**WORK REQUIRED:** All records, minus the pictures: write them out exactly.

Text-to-region grounding data
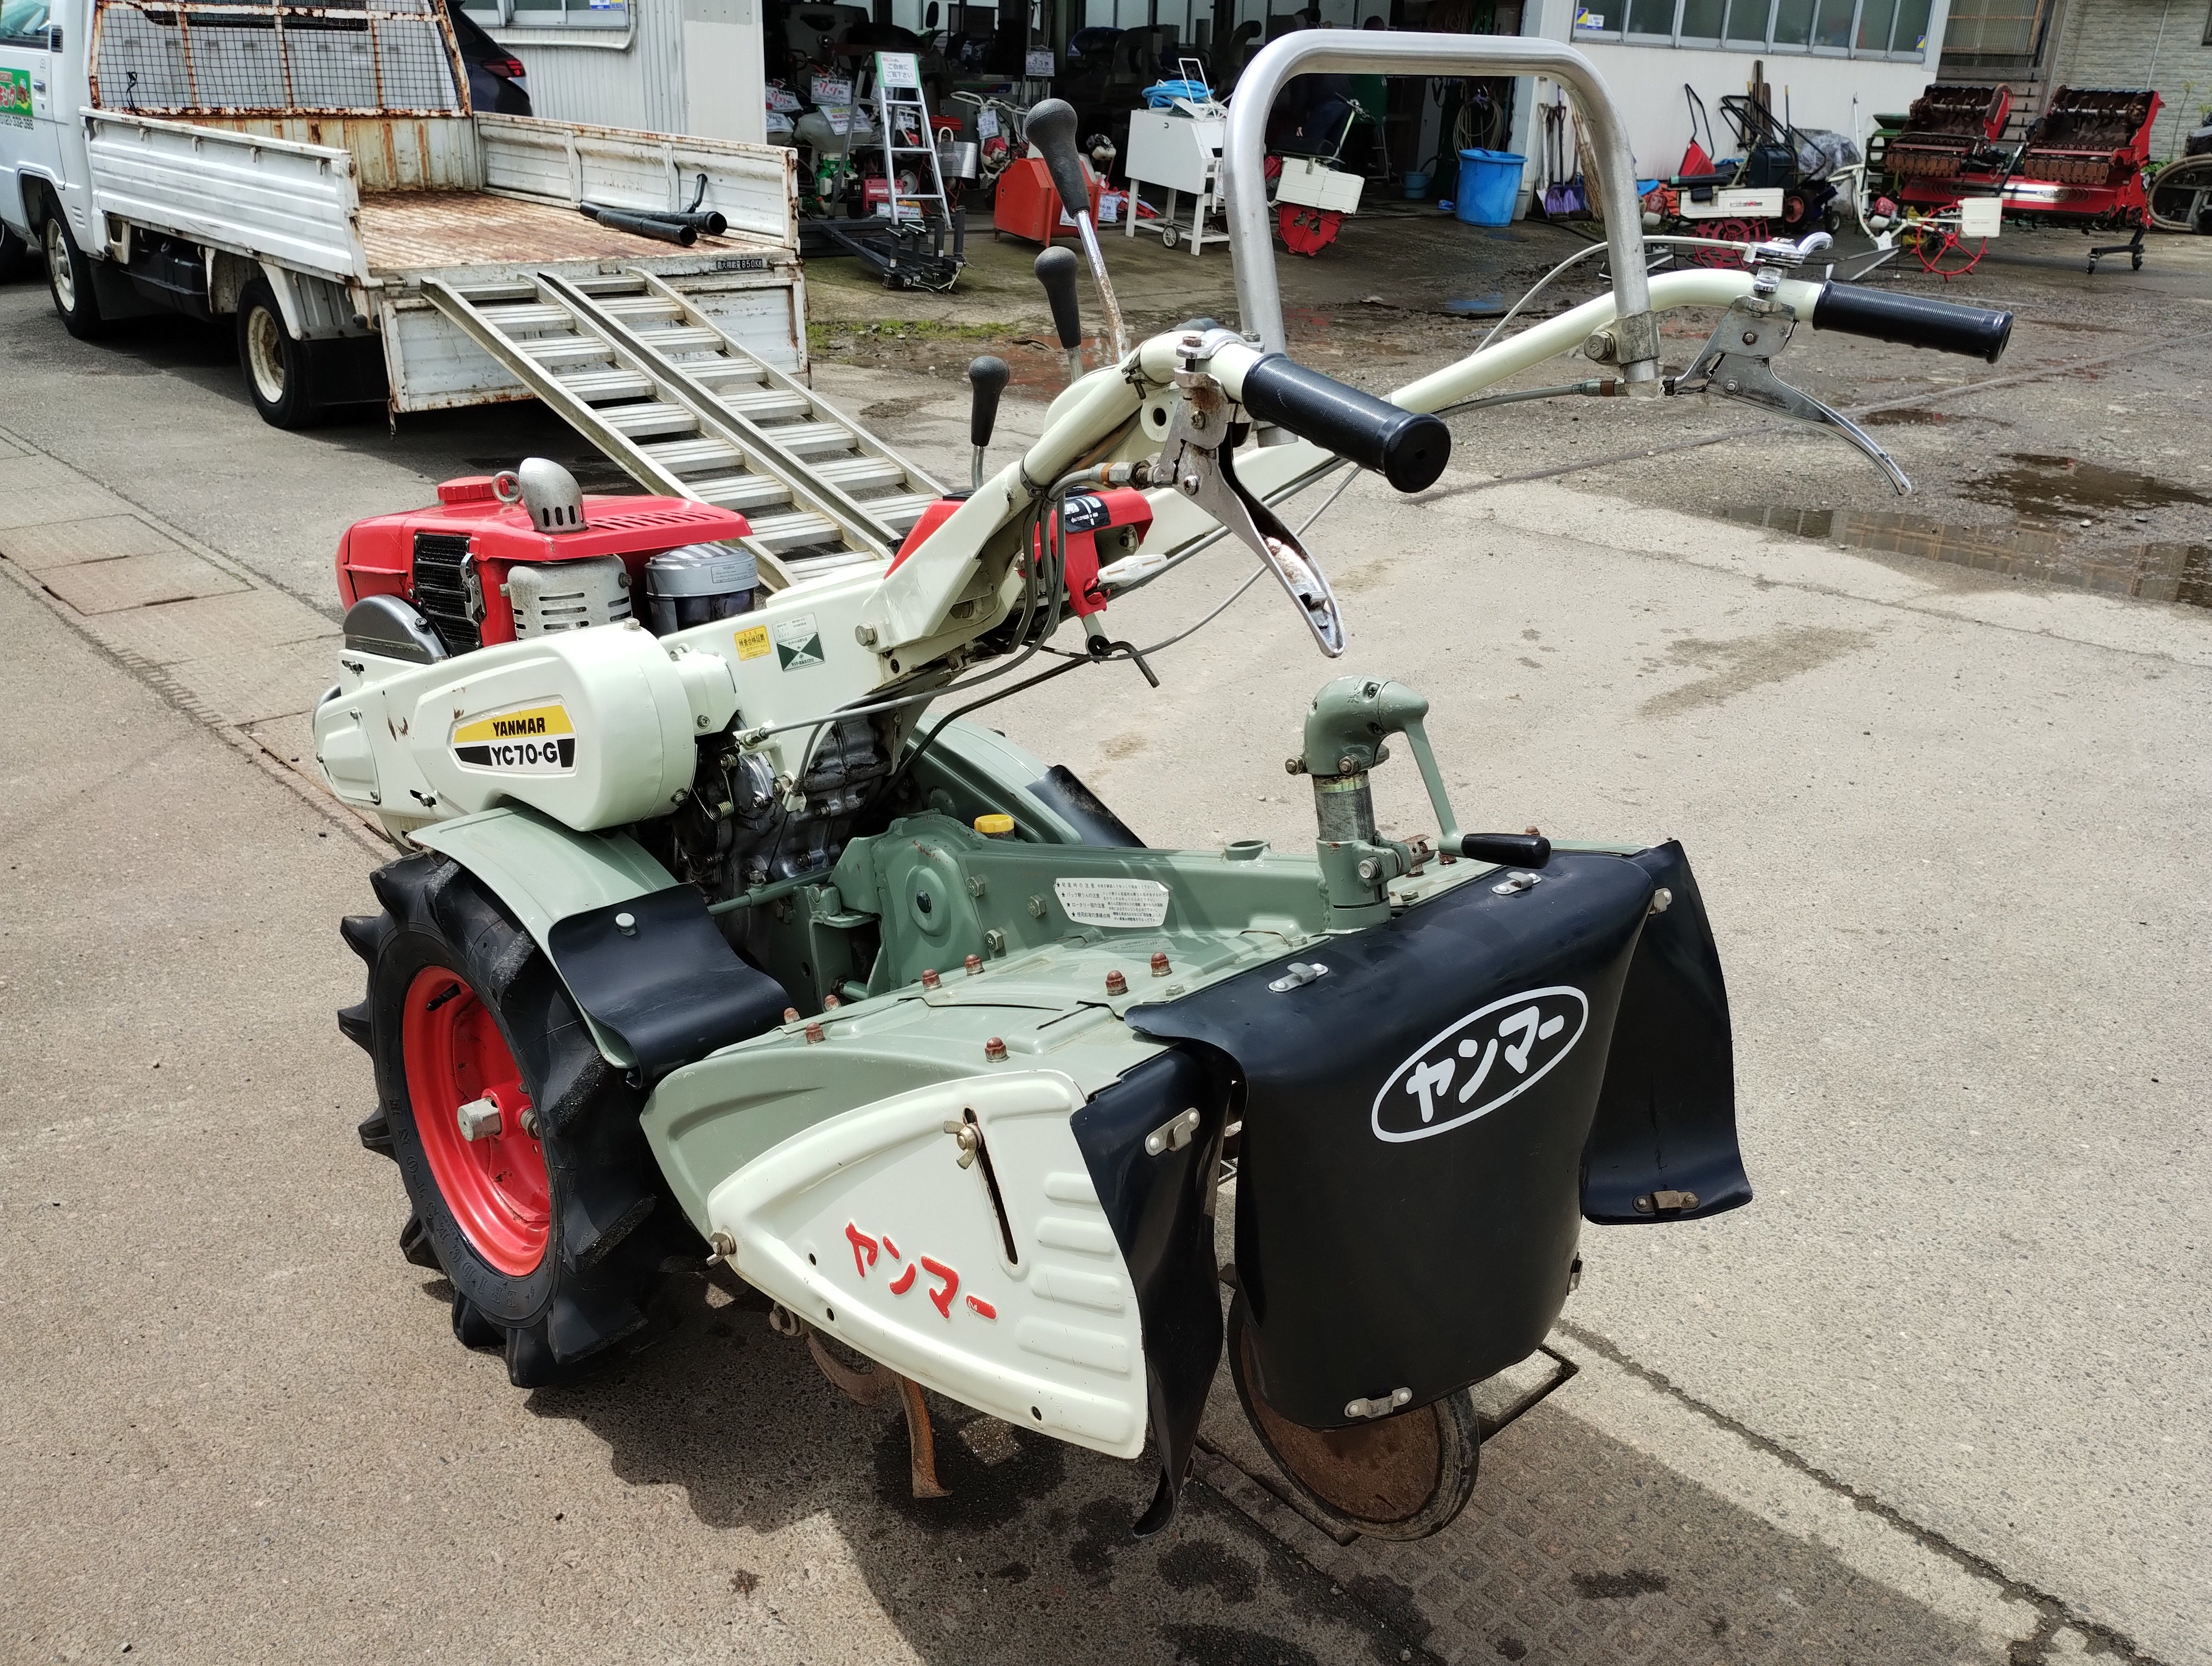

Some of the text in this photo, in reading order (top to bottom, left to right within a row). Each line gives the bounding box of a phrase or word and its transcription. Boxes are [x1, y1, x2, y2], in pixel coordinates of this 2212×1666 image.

[491, 742, 558, 766] YC70-G
[493, 717, 546, 736] YANMAR
[1406, 1006, 1564, 1123] ヤンマー
[845, 1221, 997, 1320] ヤンマー

**RESULT FOR THIS TASK:**
Some of the text in this photo, in reading order (top to bottom, left to right within a row). Each line gives the bounding box of a phrase or word and its transcription. Boxes are [x1, y1, x2, y2], in pixel coordinates of this 2212×1666 image.

[491, 742, 558, 766] YC70-G
[493, 717, 546, 736] YANMAR
[1406, 1006, 1564, 1123] ヤンマー
[845, 1221, 997, 1320] ヤンマー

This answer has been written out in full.